┌─ DATA EXTRACTS

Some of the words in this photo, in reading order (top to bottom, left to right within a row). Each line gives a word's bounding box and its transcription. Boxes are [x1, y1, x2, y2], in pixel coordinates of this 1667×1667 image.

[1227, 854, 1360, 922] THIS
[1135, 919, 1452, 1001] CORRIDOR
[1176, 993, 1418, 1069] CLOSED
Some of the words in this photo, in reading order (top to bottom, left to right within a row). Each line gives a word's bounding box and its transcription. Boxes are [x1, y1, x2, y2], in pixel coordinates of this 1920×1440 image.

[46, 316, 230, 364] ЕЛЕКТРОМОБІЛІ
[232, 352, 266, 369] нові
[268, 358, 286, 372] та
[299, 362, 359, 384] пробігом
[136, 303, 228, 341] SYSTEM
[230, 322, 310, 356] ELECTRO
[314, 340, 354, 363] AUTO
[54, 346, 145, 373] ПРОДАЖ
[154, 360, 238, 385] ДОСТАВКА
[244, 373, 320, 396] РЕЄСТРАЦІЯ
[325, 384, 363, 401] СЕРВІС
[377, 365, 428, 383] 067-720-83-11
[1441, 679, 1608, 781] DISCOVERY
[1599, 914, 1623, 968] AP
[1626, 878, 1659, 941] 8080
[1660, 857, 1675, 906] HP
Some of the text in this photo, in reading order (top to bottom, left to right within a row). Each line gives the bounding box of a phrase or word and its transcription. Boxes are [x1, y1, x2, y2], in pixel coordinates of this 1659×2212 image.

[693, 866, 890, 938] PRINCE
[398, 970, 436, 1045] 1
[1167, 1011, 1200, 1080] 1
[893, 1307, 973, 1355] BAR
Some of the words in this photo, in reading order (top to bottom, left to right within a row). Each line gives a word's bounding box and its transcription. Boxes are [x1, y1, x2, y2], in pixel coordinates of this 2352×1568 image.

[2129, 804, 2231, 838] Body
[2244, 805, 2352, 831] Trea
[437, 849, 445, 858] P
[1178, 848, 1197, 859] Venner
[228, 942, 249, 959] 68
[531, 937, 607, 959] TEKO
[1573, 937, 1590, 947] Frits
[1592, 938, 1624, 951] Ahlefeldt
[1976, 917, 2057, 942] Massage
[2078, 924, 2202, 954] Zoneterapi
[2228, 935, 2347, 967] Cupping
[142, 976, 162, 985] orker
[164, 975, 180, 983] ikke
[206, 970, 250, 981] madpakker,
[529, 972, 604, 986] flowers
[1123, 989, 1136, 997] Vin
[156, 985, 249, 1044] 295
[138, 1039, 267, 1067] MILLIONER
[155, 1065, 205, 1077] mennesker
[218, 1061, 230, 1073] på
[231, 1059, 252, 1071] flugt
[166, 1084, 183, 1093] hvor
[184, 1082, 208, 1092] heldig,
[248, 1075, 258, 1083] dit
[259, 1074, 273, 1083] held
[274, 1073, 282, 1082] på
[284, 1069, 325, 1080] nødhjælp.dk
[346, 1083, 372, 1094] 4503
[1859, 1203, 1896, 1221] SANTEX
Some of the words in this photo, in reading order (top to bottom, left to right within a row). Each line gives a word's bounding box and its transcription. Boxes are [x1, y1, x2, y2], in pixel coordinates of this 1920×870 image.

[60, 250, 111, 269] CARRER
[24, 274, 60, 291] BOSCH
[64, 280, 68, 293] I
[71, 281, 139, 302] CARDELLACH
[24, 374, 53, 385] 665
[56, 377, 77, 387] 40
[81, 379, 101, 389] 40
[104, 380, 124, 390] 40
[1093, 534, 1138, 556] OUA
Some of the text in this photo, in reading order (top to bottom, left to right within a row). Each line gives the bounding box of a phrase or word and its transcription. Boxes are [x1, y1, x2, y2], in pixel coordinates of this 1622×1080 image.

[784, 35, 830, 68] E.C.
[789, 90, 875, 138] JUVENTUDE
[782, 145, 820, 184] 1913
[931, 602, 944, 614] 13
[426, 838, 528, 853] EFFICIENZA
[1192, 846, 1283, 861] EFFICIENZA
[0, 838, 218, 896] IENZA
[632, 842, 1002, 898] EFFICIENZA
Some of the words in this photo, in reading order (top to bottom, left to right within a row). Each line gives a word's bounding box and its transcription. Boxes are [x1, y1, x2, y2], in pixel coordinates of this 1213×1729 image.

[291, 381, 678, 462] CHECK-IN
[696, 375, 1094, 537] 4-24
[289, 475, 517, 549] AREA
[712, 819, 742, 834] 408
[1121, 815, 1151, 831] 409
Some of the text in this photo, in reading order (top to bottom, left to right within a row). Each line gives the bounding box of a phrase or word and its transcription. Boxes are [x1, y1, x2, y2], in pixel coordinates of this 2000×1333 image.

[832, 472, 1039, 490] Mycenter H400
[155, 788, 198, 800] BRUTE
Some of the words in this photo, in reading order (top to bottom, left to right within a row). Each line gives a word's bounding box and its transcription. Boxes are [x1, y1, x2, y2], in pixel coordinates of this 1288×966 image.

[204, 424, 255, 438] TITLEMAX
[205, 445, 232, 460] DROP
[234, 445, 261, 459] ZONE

└─

* WHAT TO WORK ON *
Retype every line of the data above exactly.

* SOLUTION TO THE PROBLEM *
Some of the words in this photo, in reading order (top to bottom, left to right within a row). Each line gives a word's bounding box and its transcription. Boxes are [x1, y1, x2, y2], in pixel coordinates of this 1667×1667 image.

[1227, 854, 1360, 922] THIS
[1135, 919, 1452, 1001] CORRIDOR
[1176, 993, 1418, 1069] CLOSED
Some of the words in this photo, in reading order (top to bottom, left to right within a row). Each line gives a word's bounding box and its transcription. Boxes are [x1, y1, x2, y2], in pixel coordinates of this 1920×1440 image.

[46, 316, 230, 364] ЕЛЕКТРОМОБІЛІ
[232, 352, 266, 369] нові
[268, 358, 286, 372] та
[299, 362, 359, 384] пробігом
[136, 303, 228, 341] SYSTEM
[230, 322, 310, 356] ELECTRO
[314, 340, 354, 363] AUTO
[54, 346, 145, 373] ПРОДАЖ
[154, 360, 238, 385] ДОСТАВКА
[244, 373, 320, 396] РЕЄСТРАЦІЯ
[325, 384, 363, 401] СЕРВІС
[377, 365, 428, 383] 067-720-83-11
[1441, 679, 1608, 781] DISCOVERY
[1599, 914, 1623, 968] AP
[1626, 878, 1659, 941] 8080
[1660, 857, 1675, 906] HP
Some of the text in this photo, in reading order (top to bottom, left to right within a row). Each line gives the bounding box of a phrase or word and its transcription. Boxes are [x1, y1, x2, y2], in pixel coordinates of this 1659×2212 image.

[693, 866, 890, 938] PRINCE
[398, 970, 436, 1045] 1
[1167, 1011, 1200, 1080] 1
[893, 1307, 973, 1355] BAR
Some of the words in this photo, in reading order (top to bottom, left to right within a row). Each line gives a word's bounding box and its transcription. Boxes are [x1, y1, x2, y2], in pixel coordinates of this 2352×1568 image.

[2129, 804, 2231, 838] Body
[2244, 805, 2352, 831] Trea
[437, 849, 445, 858] P
[1178, 848, 1197, 859] Venner
[228, 942, 249, 959] 68
[531, 937, 607, 959] TEKO
[1573, 937, 1590, 947] Frits
[1592, 938, 1624, 951] Ahlefeldt
[1976, 917, 2057, 942] Massage
[2078, 924, 2202, 954] Zoneterapi
[2228, 935, 2347, 967] Cupping
[142, 976, 162, 985] orker
[164, 975, 180, 983] ikke
[206, 970, 250, 981] madpakker,
[529, 972, 604, 986] flowers
[1123, 989, 1136, 997] Vin
[156, 985, 249, 1044] 295
[138, 1039, 267, 1067] MILLIONER
[155, 1065, 205, 1077] mennesker
[218, 1061, 230, 1073] på
[231, 1059, 252, 1071] flugt
[166, 1084, 183, 1093] hvor
[184, 1082, 208, 1092] heldig,
[248, 1075, 258, 1083] dit
[259, 1074, 273, 1083] held
[274, 1073, 282, 1082] på
[284, 1069, 325, 1080] nødhjælp.dk
[346, 1083, 372, 1094] 4503
[1859, 1203, 1896, 1221] SANTEX
Some of the words in this photo, in reading order (top to bottom, left to right within a row). Each line gives a word's bounding box and its transcription. Boxes are [x1, y1, x2, y2], in pixel coordinates of this 1920×870 image.

[60, 250, 111, 269] CARRER
[24, 274, 60, 291] BOSCH
[64, 280, 68, 293] I
[71, 281, 139, 302] CARDELLACH
[24, 374, 53, 385] 665
[56, 377, 77, 387] 40
[81, 379, 101, 389] 40
[104, 380, 124, 390] 40
[1093, 534, 1138, 556] OUA
Some of the text in this photo, in reading order (top to bottom, left to right within a row). Each line gives the bounding box of a phrase or word and its transcription. Boxes are [x1, y1, x2, y2], in pixel coordinates of this 1622×1080 image.

[784, 35, 830, 68] E.C.
[789, 90, 875, 138] JUVENTUDE
[782, 145, 820, 184] 1913
[931, 602, 944, 614] 13
[426, 838, 528, 853] EFFICIENZA
[1192, 846, 1283, 861] EFFICIENZA
[0, 838, 218, 896] IENZA
[632, 842, 1002, 898] EFFICIENZA
Some of the words in this photo, in reading order (top to bottom, left to right within a row). Each line gives a word's bounding box and its transcription. Boxes are [x1, y1, x2, y2], in pixel coordinates of this 1213×1729 image.

[291, 381, 678, 462] CHECK-IN
[696, 375, 1094, 537] 4-24
[289, 475, 517, 549] AREA
[712, 819, 742, 834] 408
[1121, 815, 1151, 831] 409
Some of the text in this photo, in reading order (top to bottom, left to right within a row). Each line gives the bounding box of a phrase or word and its transcription. Boxes are [x1, y1, x2, y2], in pixel coordinates of this 2000×1333 image.

[832, 472, 1039, 490] Mycenter H400
[155, 788, 198, 800] BRUTE
Some of the words in this photo, in reading order (top to bottom, left to right within a row). Each line gives a word's bounding box and its transcription. Boxes are [x1, y1, x2, y2], in pixel coordinates of this 1288×966 image.

[204, 424, 255, 438] TITLEMAX
[205, 445, 232, 460] DROP
[234, 445, 261, 459] ZONE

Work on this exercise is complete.